Pontelongo, 5 m/16 feet above sea level; the villa is located on Via Roma; train station at Pontelongo on the Venezia-Adria line.
This villa was constructed on the left bank of the river Bacchiglione around 1570 on behalf of Nicolò Foscarini of San Stae as the center of an agricultural estate. The name of the architect is unknown.
During the 18th century the villa also housed a factory for the working of coral to accommodate the procurator Marco Foscarini, a historian who was passionate about coral; Marco Foscarini was elected doge in 1762, but he became ill shortly afterwards and was hospitalized at the villa with the hope that the country air would be beneficial, but he died all the same, not achieving even one year as doge, on March 31, 1763, in his own villa. Gaspare Gozzi, a writer and the personal secretary to Marco Foscarini, also worked at the villa.
During the 19th century the villa passed to the Erizzo family, who completely rebuilt it in a neoclassical style. After the flood of 1882 embankments were constructed that partially cut off the view of the villa, which today is visible from the bridge over the Bacchiglione, but half sunken behind the embankment.

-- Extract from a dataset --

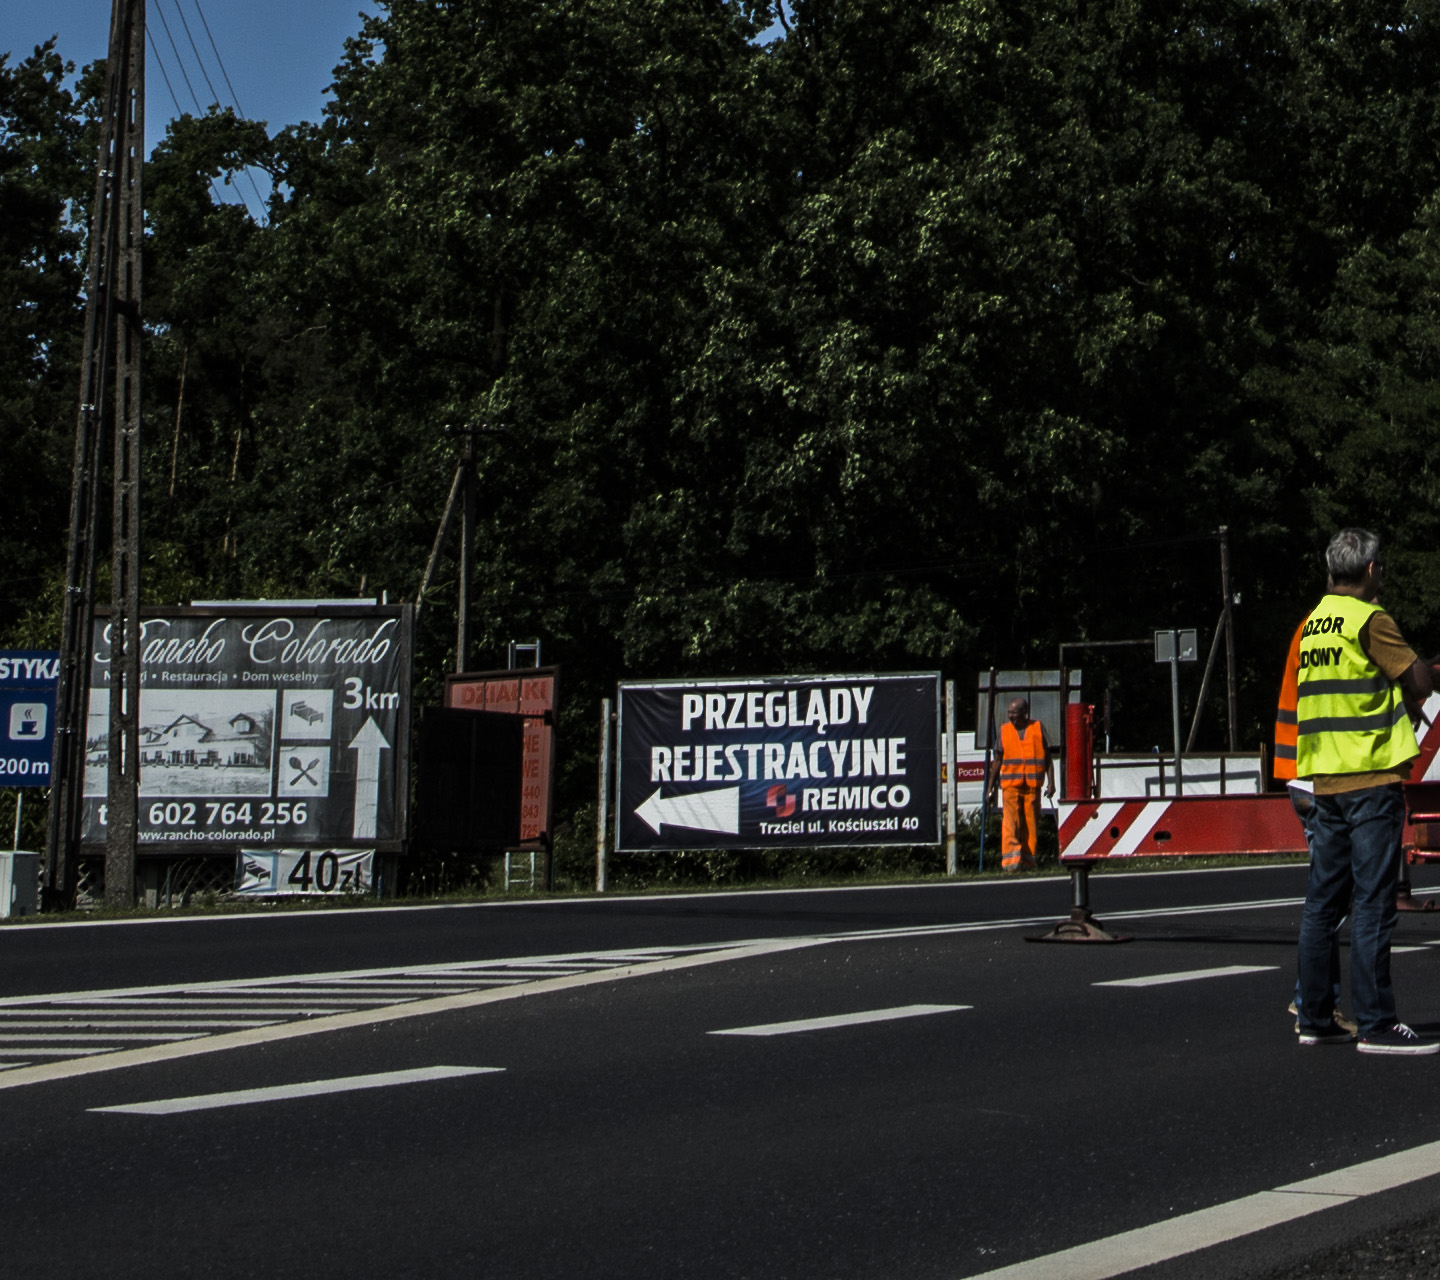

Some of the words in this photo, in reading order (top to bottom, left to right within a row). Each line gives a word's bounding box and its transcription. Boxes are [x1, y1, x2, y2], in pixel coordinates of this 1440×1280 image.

The facade of the villa recalls many other Venetian villas: six Ionic columns crowned by a triangular pediment, at the middle of which there is a window in the form of a quatrefoil. Adjacent to the villa there were two farm support buildings (barchesse) and large gardens with statues of which the only ones that remain today are along the piazzale outside the villa.
The villa today is the town hall of Pontelongo; the barchessa on the right houses other municipal offices and the post office, while the barchessa on the left houses a school.